There’s generally three types of market trends – Primary (major), Secondary and Minor.
The Primary trend (major) is of most importance to long-term investors as this trend lasts a year or more. The secondary trend is a countertrend movement compared to the primary trend. This is often caused by bullish or bearish expectations due to predicted earnings or anything else related. These can be called reactions or corrections of the price.
Secondary trend usually lasts only up to couple of months. At some point the primary trend continues and the prices go back to a more realistic price level. Within the secondary trend are minor trends that interest me, the beginning day trader the most. The minor trends are day to day price changes that last anywhere between a few hours to a few days.
The primary trend lasts a year or more and consists of intermediate movements that last anywhere between couple of weeks to couple of months. Some of the intermediate trends can be in the same direction as the primary trend and occur after a market move in the opposite ( or sideways ) direction. There are often 3 intermediate movements in the same direction as the primary trend.
A good sign of a bull market primary trend is that if each advance in the advancing market is in the higher level than the previous advance. Accordingly – each secondary trend should stop at a higher level than the previous decline level was.
Note that bear markets often last shorter period of time than bull markets.

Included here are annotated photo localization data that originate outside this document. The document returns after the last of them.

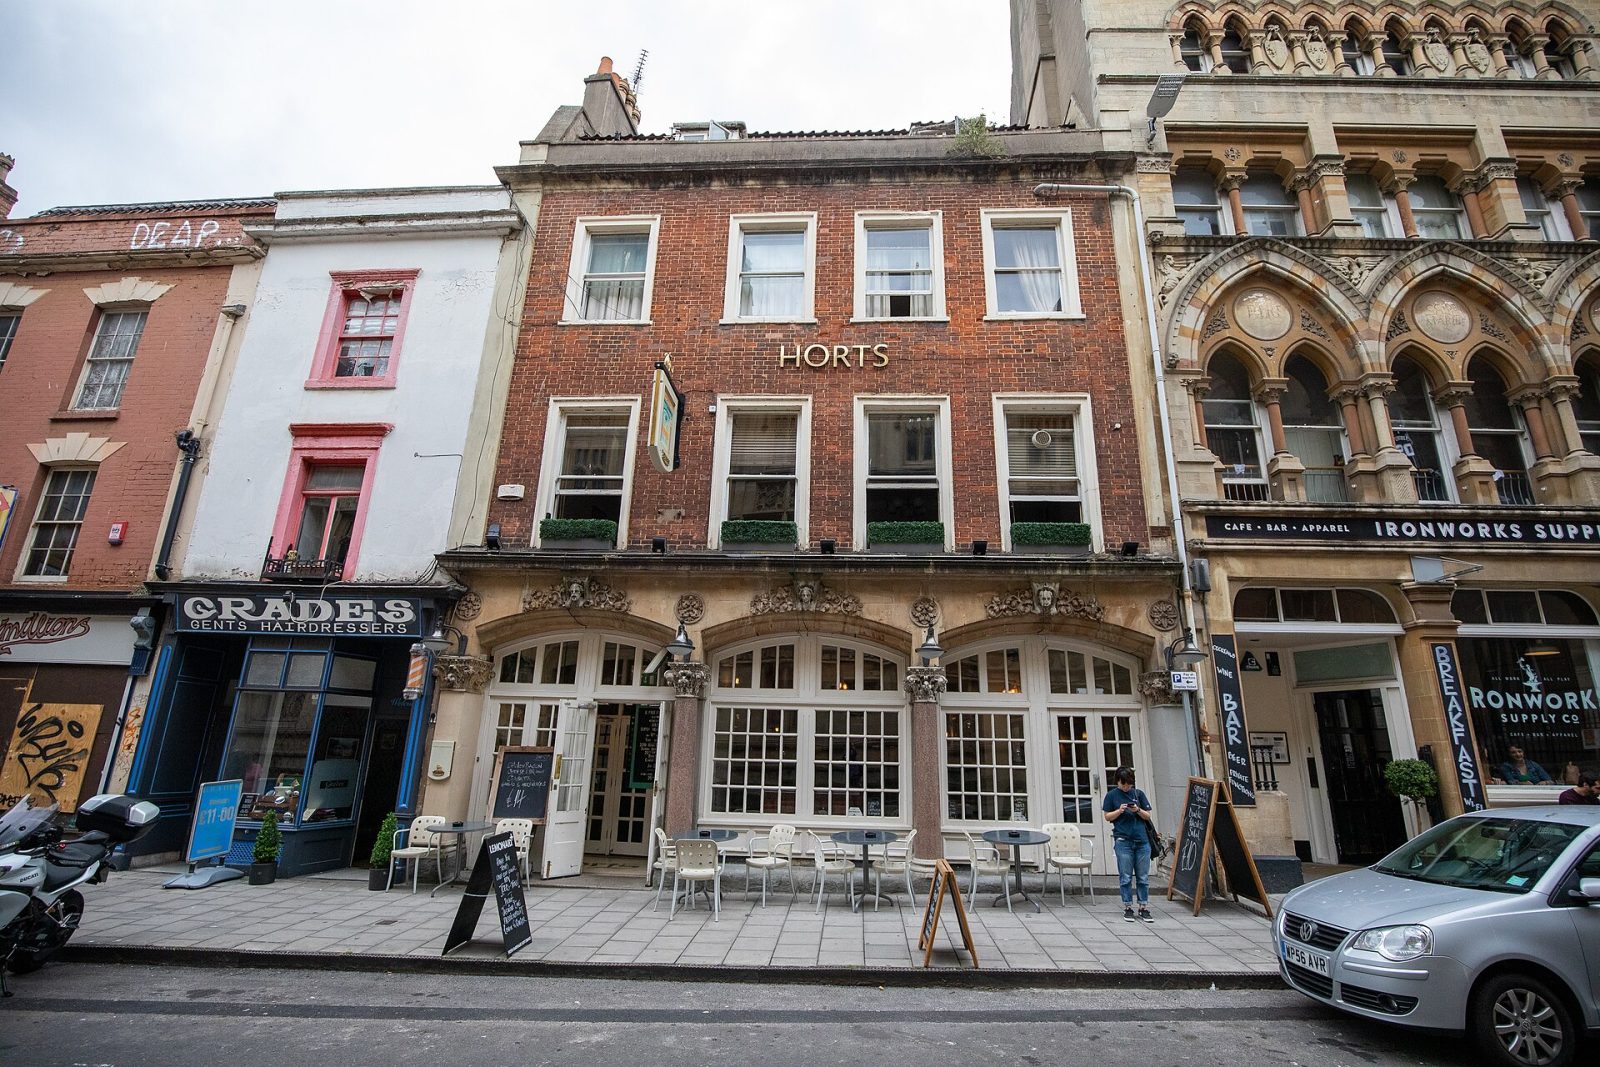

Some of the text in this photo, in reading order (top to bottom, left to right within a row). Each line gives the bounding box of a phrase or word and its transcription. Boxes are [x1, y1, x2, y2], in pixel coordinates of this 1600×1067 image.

[779, 343, 889, 368] HORTS
[1224, 523, 1350, 533] CAFE BAR APPAREL
[1374, 521, 1523, 539] IRONWORKS
[183, 597, 416, 623] GRADES
[190, 619, 407, 634] GENTS HAIRDRESSERS
[1216, 666, 1233, 679] WINE
[1222, 692, 1242, 746] BAR
[1500, 713, 1557, 724] SUPPLY
[1227, 751, 1247, 766] BEER
[1229, 768, 1249, 783] PRIVATE
[19, 872, 39, 883] DUCATI
[1285, 944, 1327, 973] WP56 AVR
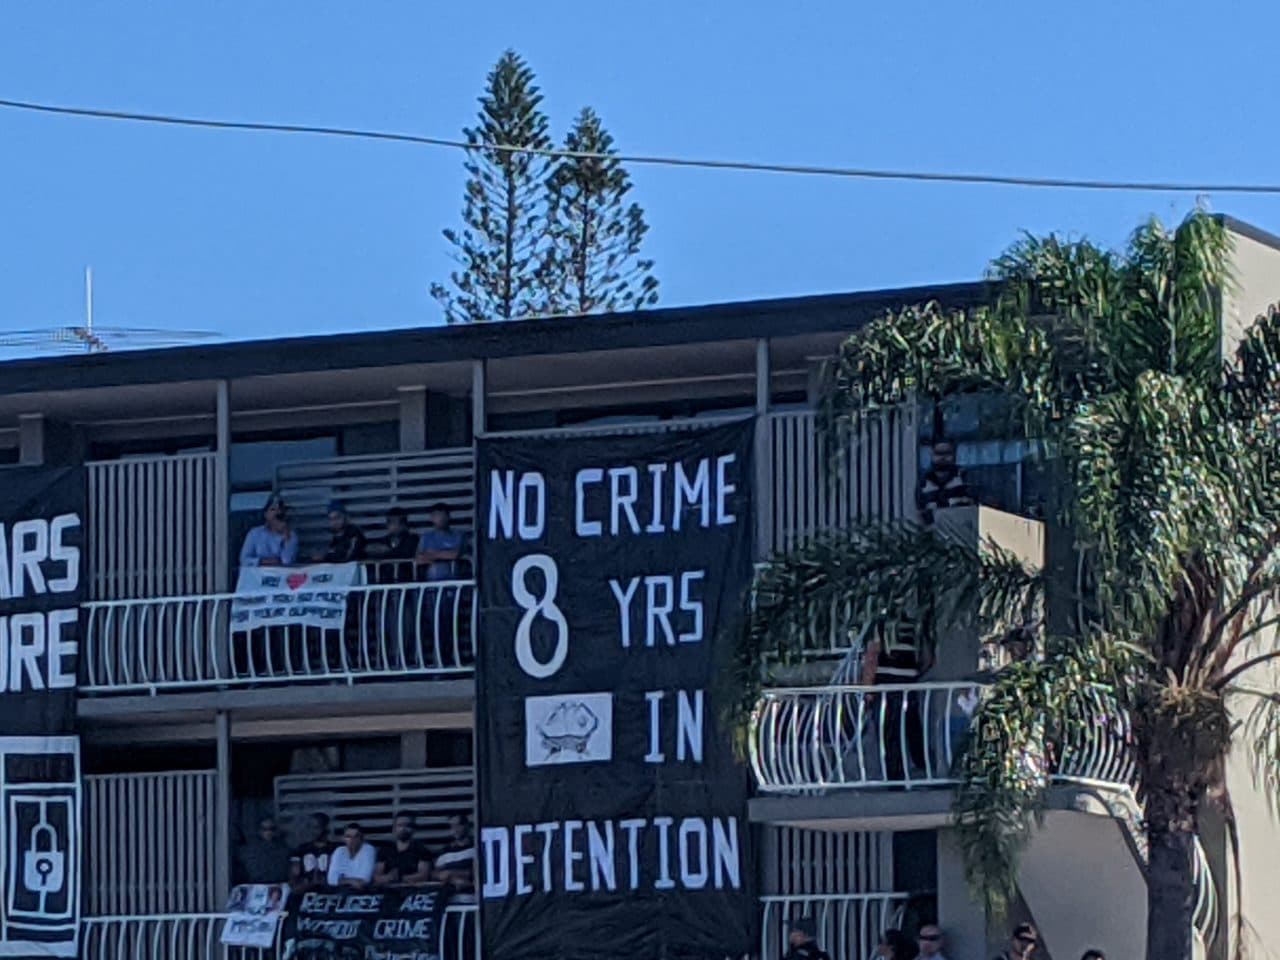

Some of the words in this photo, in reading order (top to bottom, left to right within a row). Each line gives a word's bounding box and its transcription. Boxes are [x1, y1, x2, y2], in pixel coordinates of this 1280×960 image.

Secondary trends (also called correction; in bear markets also recoveries) usually last between three weeks and three months. Secondary trend means a countermovement compared to the direction of primary trend. Secondary trends often last as much as 1/3 to 2/3 of the previous primary trend movement (so 1/3-2/3 of the time since the last secondary trend).
Minor trends can last anywhere between couple of hours to two weeks. For long term investors these trends aren’t too important as this is just noise. For day traders these are very important trends, possibly the most important trends. Minor trends together form an intermediate trend which often consists of three different minor movements in the direction of secondary trend. Minor trends are often started by individual actions or words of people (expected earnings etc).
According to Charles Dow the primary trend must be confirmes by both – Industrial and Transportation averages. If only one of them showed a new closing high or low then there’s no change in the primary trend expected. In order to change a primary trend both averages must show it.
After Charles Dow, during the past 50 years, in addition to the term confirmations also the term divergences has been introduced. It says that if the economy is slowing down the changes are first shown in Transportation.
As said, the primary trend reversal need to be confirmed by both averages. To confirm the trend it is not enough if there are just small changes in the averages. The averages need to be clearly above or below the previous intermediate low or high.